--- START ---

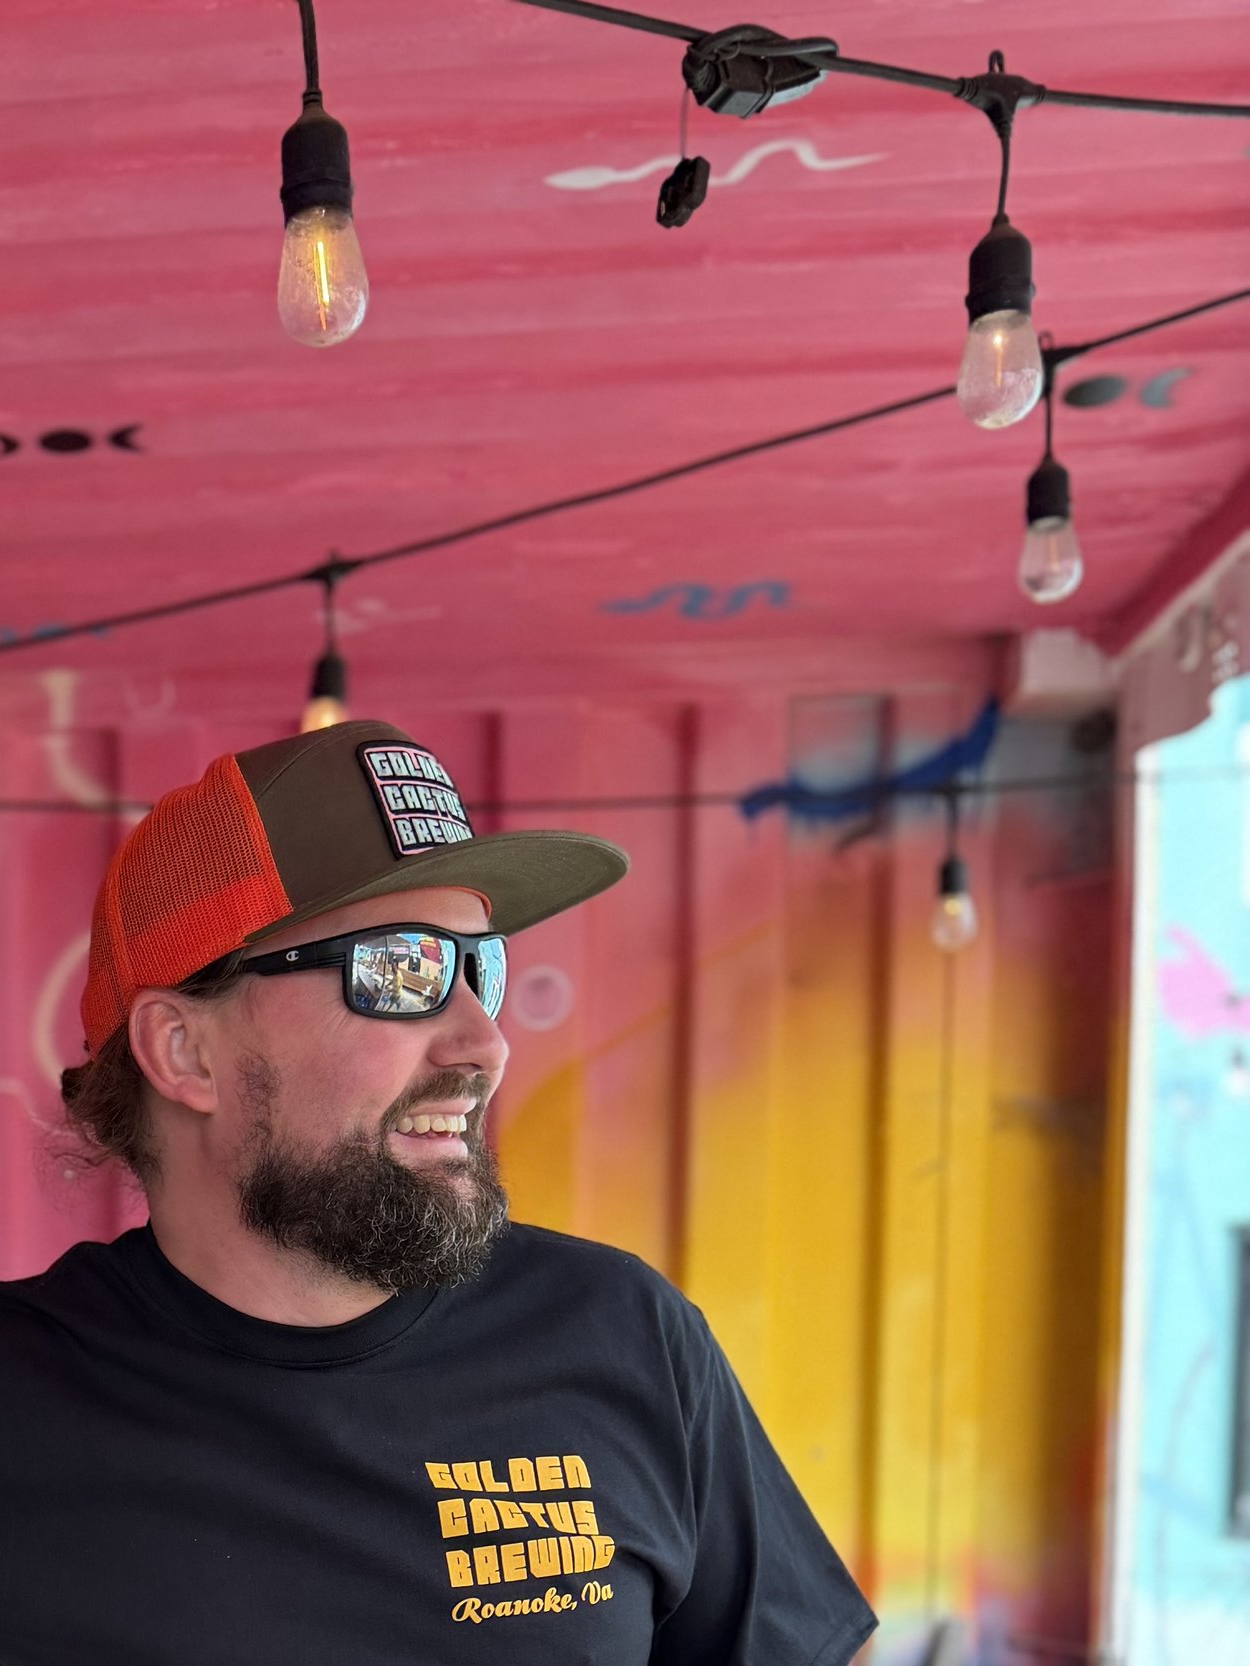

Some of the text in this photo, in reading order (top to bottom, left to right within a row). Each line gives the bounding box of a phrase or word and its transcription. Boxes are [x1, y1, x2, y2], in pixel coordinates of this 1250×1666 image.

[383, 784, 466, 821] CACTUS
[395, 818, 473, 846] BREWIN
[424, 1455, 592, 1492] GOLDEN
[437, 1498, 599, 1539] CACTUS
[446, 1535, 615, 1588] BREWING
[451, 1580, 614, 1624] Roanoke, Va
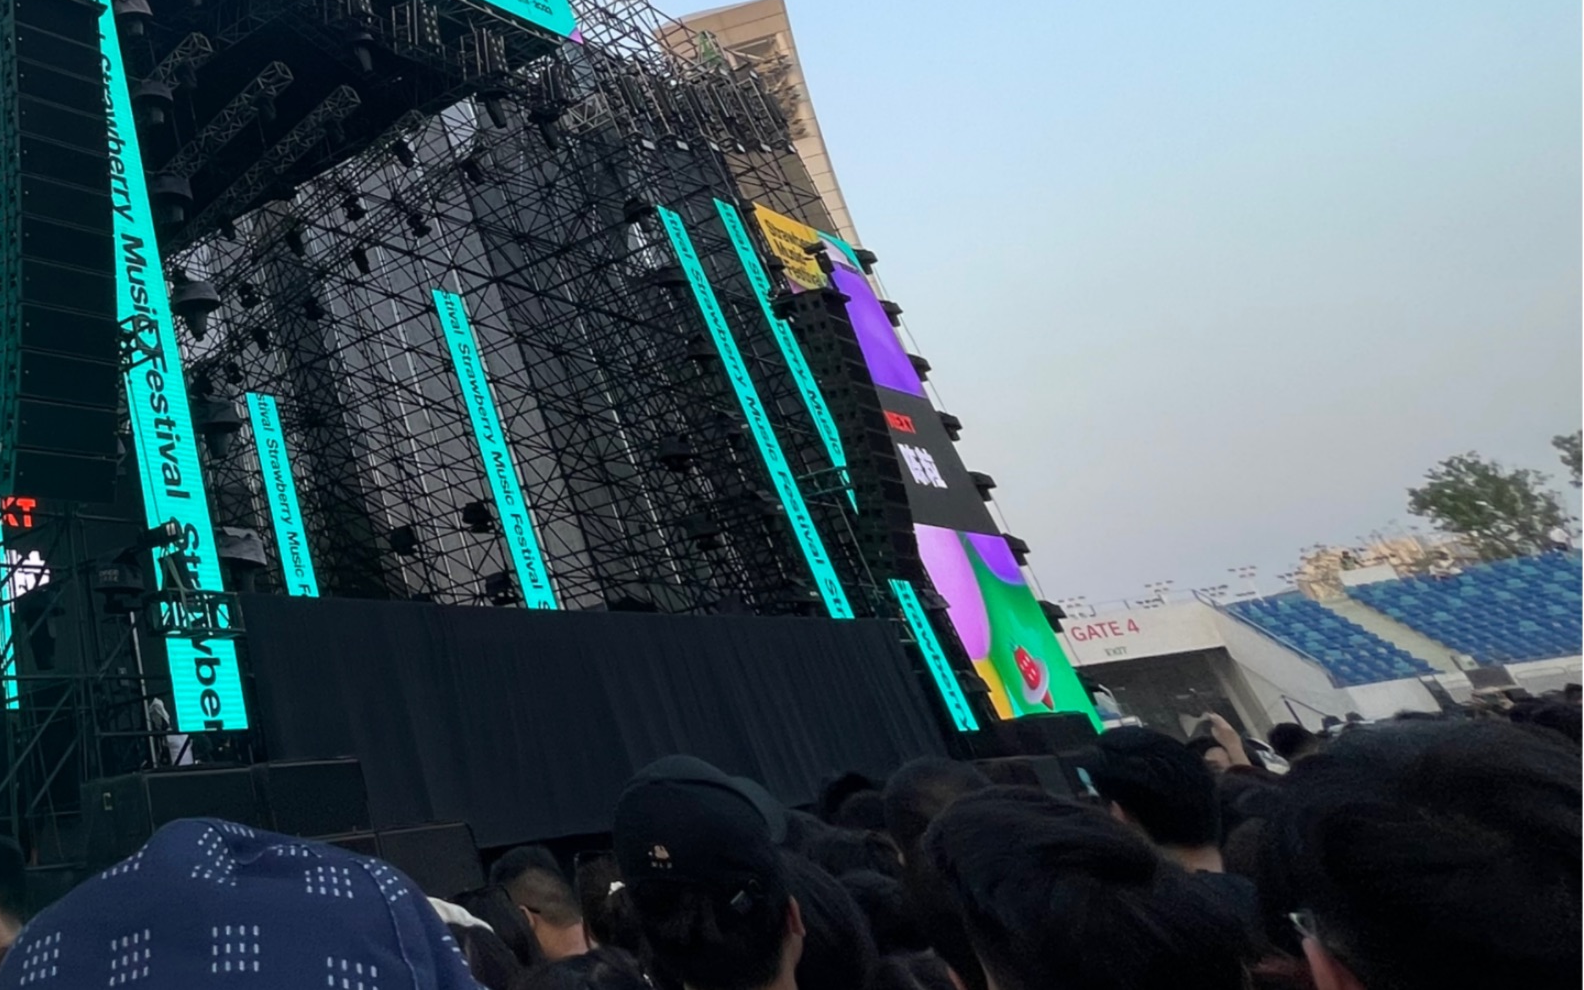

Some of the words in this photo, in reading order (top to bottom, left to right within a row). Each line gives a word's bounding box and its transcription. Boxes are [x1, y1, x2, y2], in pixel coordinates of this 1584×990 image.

--- END ---

▶ **What to work on**: Please produce an exact copy of all the material, leaving out the pictures.

▶ **Result for this exercise**:
Some of the text in this photo, in reading order (top to bottom, left to right within a row). Each line gives the bounding box of a phrase or word and its transcription. Boxes are [x1, y1, x2, y2], in pixel coordinates of this 1250×1666 image.

[383, 784, 466, 821] CACTUS
[395, 818, 473, 846] BREWIN
[424, 1455, 592, 1492] GOLDEN
[437, 1498, 599, 1539] CACTUS
[446, 1535, 615, 1588] BREWING
[451, 1580, 614, 1624] Roanoke, Va

Some of the words in this photo, in reading order (top to bottom, left to right within a row). Each line gives a word's bounding box and its transcription. Boxes are [x1, y1, x2, y2], in pixel coordinates of this 1584×990 image.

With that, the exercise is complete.